Our Burning Planet

CLIMATE CRISIS

Western Cape puts climate on cabinet agenda after months of environmental disasters

Western Cape puts climate on cabinet agenda after months of environmental disasters
A boy walks through knee-deep pools of water in the Nomakanjani informal settlement in Gqeberha, Eastern Cape, on 28 June 2023. The area reportedly flooded after it rained for three consecutive days. | (Photo: Gallo Images / Die Burger / Lulama Zenzile) | Firefighters battle a raging fire in Hangklip in the Western Cape on 30 January 2024. (Photo: Gallo Images / Brenton Geach) | Waves batter the Brass Bell in Kalk Bay, Cape Town, on 17 September 2023. (Photo: Brenton Geach)

After a year in which the province experienced floods, a storm surge and devastating wildfires, climate change will be added as a permanent item to the Western Cape administration’s agenda. This should ensure there are sufficient resources to respond to climate-related threats.

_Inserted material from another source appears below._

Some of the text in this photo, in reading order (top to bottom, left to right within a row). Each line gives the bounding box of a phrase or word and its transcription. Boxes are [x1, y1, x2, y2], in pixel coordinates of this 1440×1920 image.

Climate change has been added as a permanent item on the Western Cape government’s agenda in what is seen as a win for streamlining climate governance. The move was adopted on 6 March and comes after the province was battered by months of climate-related disasters.

Although the Western Cape is expected to become drier, hotter and have more severe storms and droughts, the province has already faced several climate-related issues in the past year.

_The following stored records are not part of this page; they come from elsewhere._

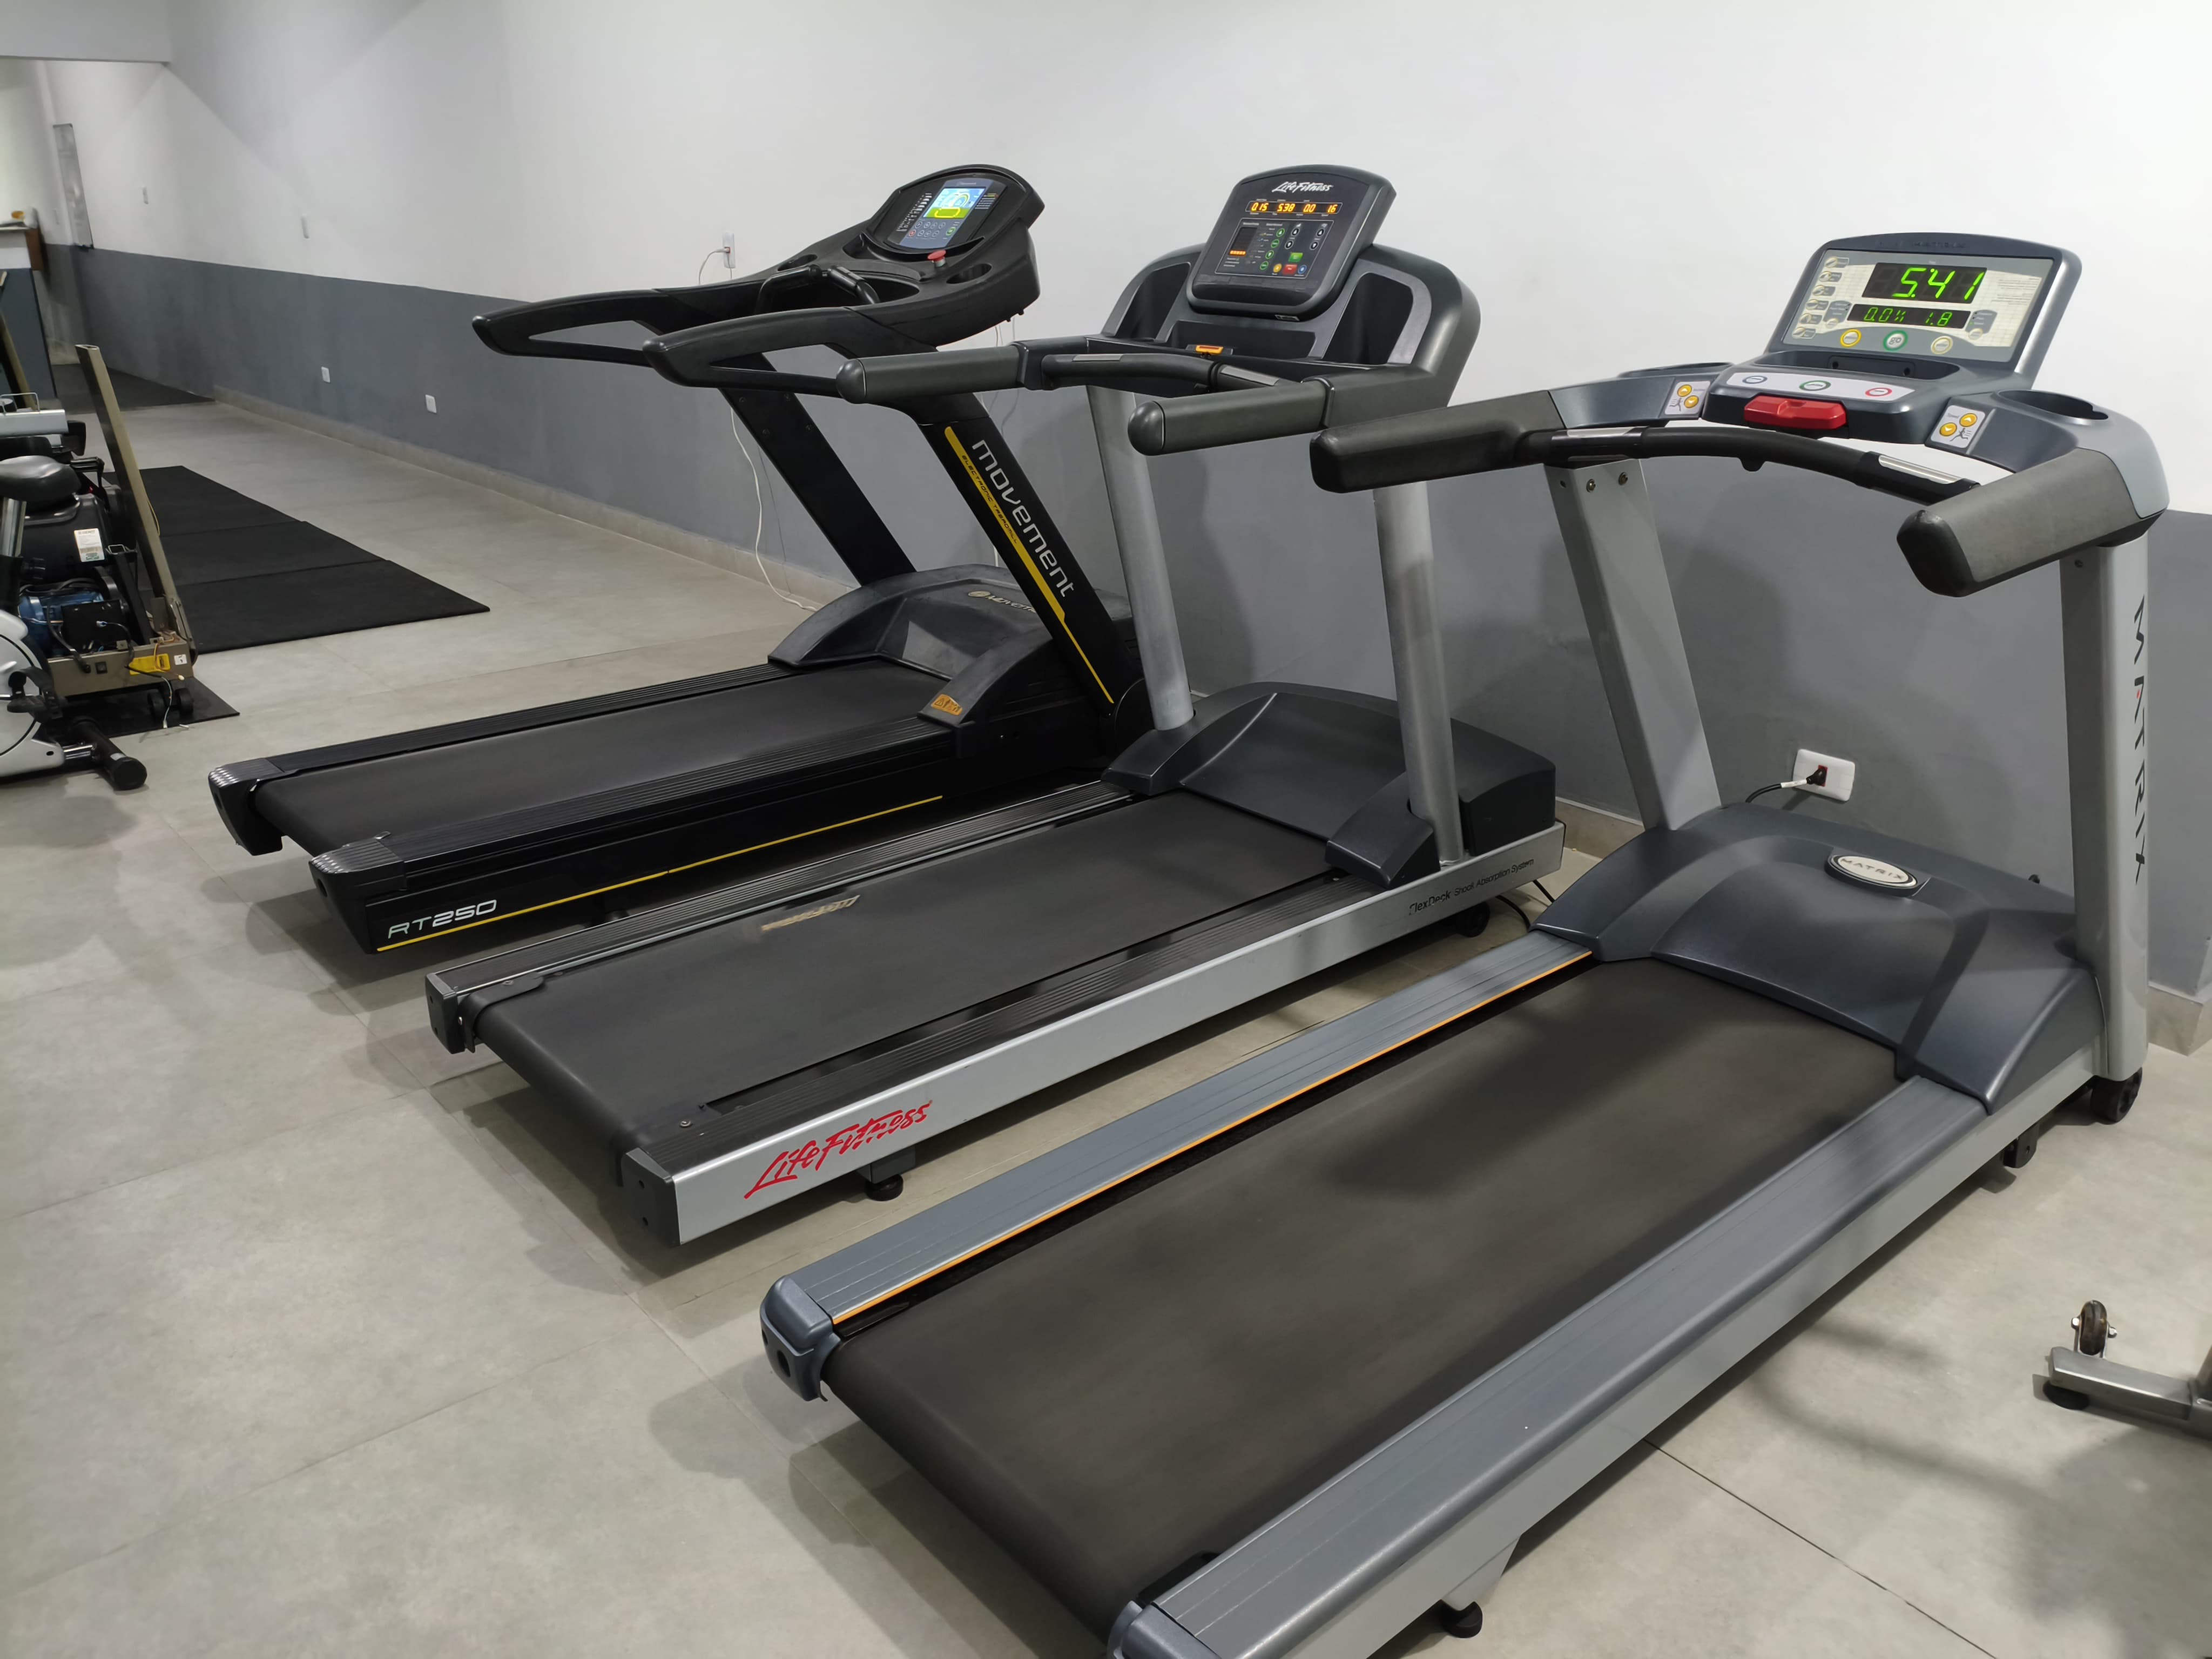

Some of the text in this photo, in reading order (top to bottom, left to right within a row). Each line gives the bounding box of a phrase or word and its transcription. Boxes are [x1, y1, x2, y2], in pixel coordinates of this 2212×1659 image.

[1889, 337, 1901, 345] go
[972, 439, 1074, 598] movement
[2134, 593, 2146, 886] MATRIX
[1453, 881, 1475, 896] Shock
[1475, 867, 1511, 888] Absorption
[1510, 858, 1534, 873] System
[1839, 857, 1904, 880] MATRIX
[387, 899, 497, 939] RT250

Anton Bredell, MEC for Local Government, Environmental Affairs and Development Planning, with Ivan Meyer, MEC for Agriculture, announced that climate change would be added as a permanent item on the provincial cabinet agenda as they signed a climate change pledge of the Western Cape government.

The move was hailed during the inaugural Western Cape Climate Change Indaba in Cape Town on 9 March.

During the event, officials sought to ensure that a “whole-of-society” approach was established to tackle climate change in the province, instead of simply leaving it up to the Department of Environmental Affairs and Development Planning (DEA & DP) and the Department of Agriculture.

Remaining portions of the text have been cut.